Two separate companies share the Aldi name and the yellow-and-blue visual identity, divided since 1960 when brothers Theo Albrecht and Karl Albrecht split their jointly operated discount grocery chain into Aldi Nord (headquartered in Essen, controlled by the Theo Albrecht family through the Markus Foundation) and Aldi Süd (headquartered in Mülheim an der Ruhr, controlled by the Karl Albrecht family through the Siepmann Foundation). The division resolved a disagreement over whether to sell tobacco products and has since produced two independently managed global retail operations that share the brand name and design language while operating entirely separately.
The core Aldi commercial proposition, a curated SKU count of approximately 1,400 to 2,000 items representing a fraction of a conventional supermarket’s range, combined with a private-label concentration approaching 90% and aggressive everyday-low-price positioning, produces the highest sales per square meter in the grocery sector across most markets where the chain operates. Aldi Süd operates the US Aldi chain, investing $9 billion through 2028 to expand toward 2,500 or more US locations, making the US one of the most actively expanding Aldi geographies globally. Aldi Nord operates Trader Joe’s in the United States as a separate brand acquired in 1979. Combined estimated annual global revenue across both Aldi entities is estimated to exceed €140 billion, making the Albrecht family holdings among the largest private fortunes globally. The format’s recent evolution in several markets introduced a limited premium range (Specially Selected in the UK, Specially Selected in the US) and fresh food expansion that has progressively extended the customer demographic beyond pure price-driven shoppers.

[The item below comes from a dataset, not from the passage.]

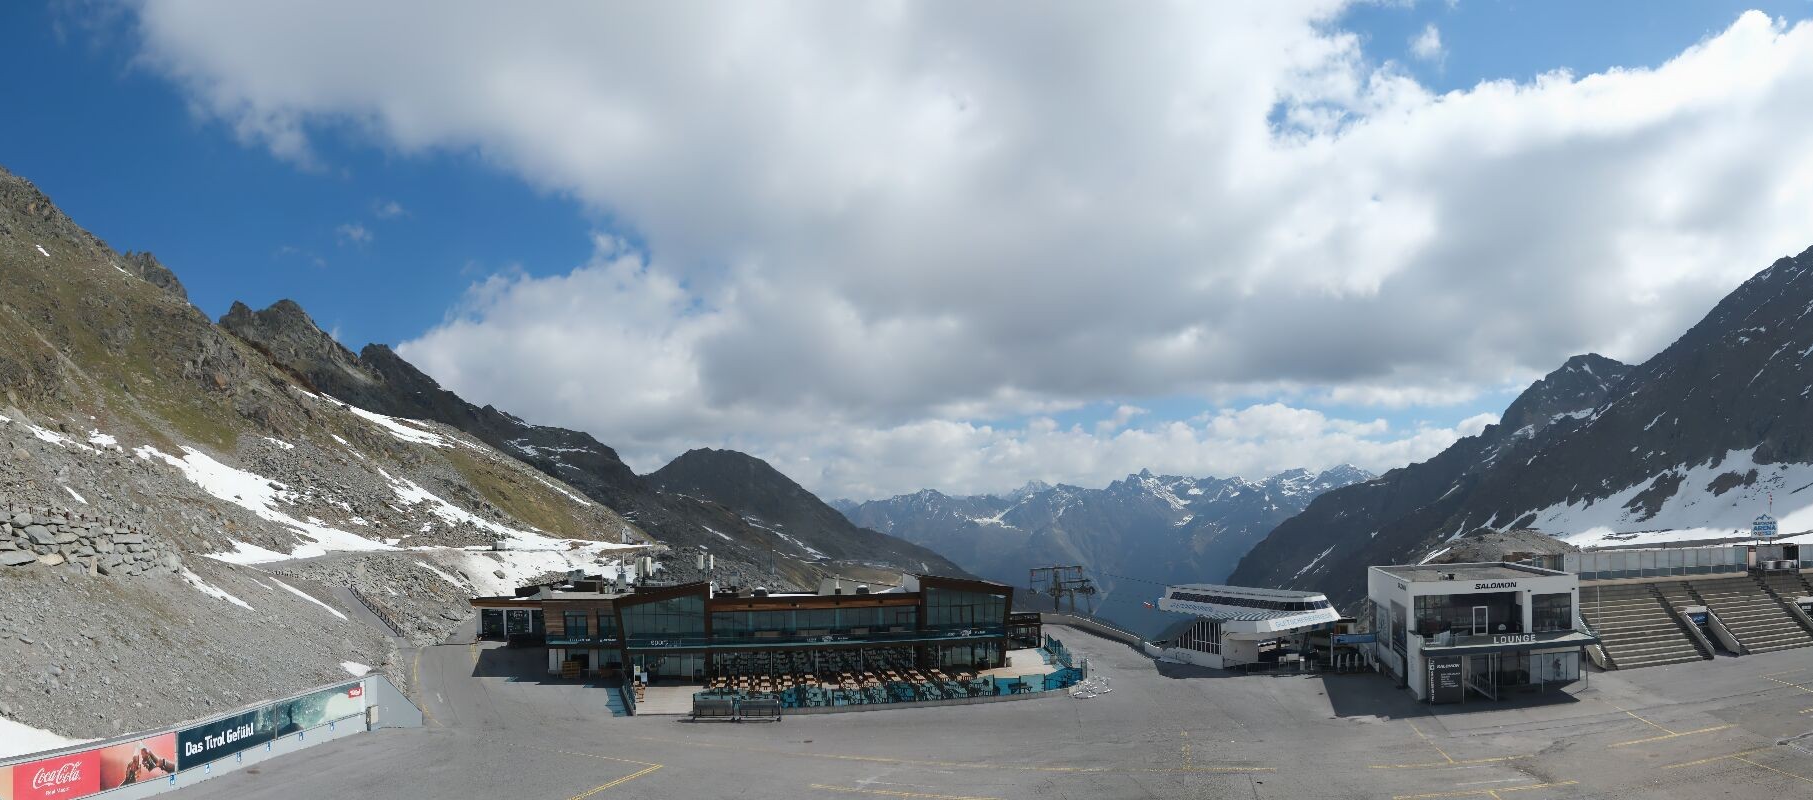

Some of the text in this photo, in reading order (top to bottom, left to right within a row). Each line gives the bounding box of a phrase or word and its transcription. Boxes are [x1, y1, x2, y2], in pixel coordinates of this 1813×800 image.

[1474, 582, 1517, 590] SALOMON
[1493, 634, 1536, 644] LOUNGE
[185, 722, 255, 757] Das Tirol Gefühl

Across the Malls.com network, Aldi is tracked primarily in Germany, the United States, Poland, France, Ireland, and the United Kingdom, reflecting the brand’s concentration in retail parks and power centers rather than traditional enclosed malls. The typical Aldi store occupies 900 to 1,500 square meters in a compact hard-discount format, with surface parking, straightforward warehouse-style interiors, and limited service staff. For mall operators and retail park developers, Aldi is a primary grocery anchor for neighborhood centers, retail parks, and power center developments across its active expansion markets, generating high-frequency weekly shopping trips that drive cross-shopping for adjacent categories including value apparel, health and beauty, and household goods. The combination of German engineering density and US expansion ambition makes Aldi one of the most closely tracked grocery operators for landlords across both established and emerging markets.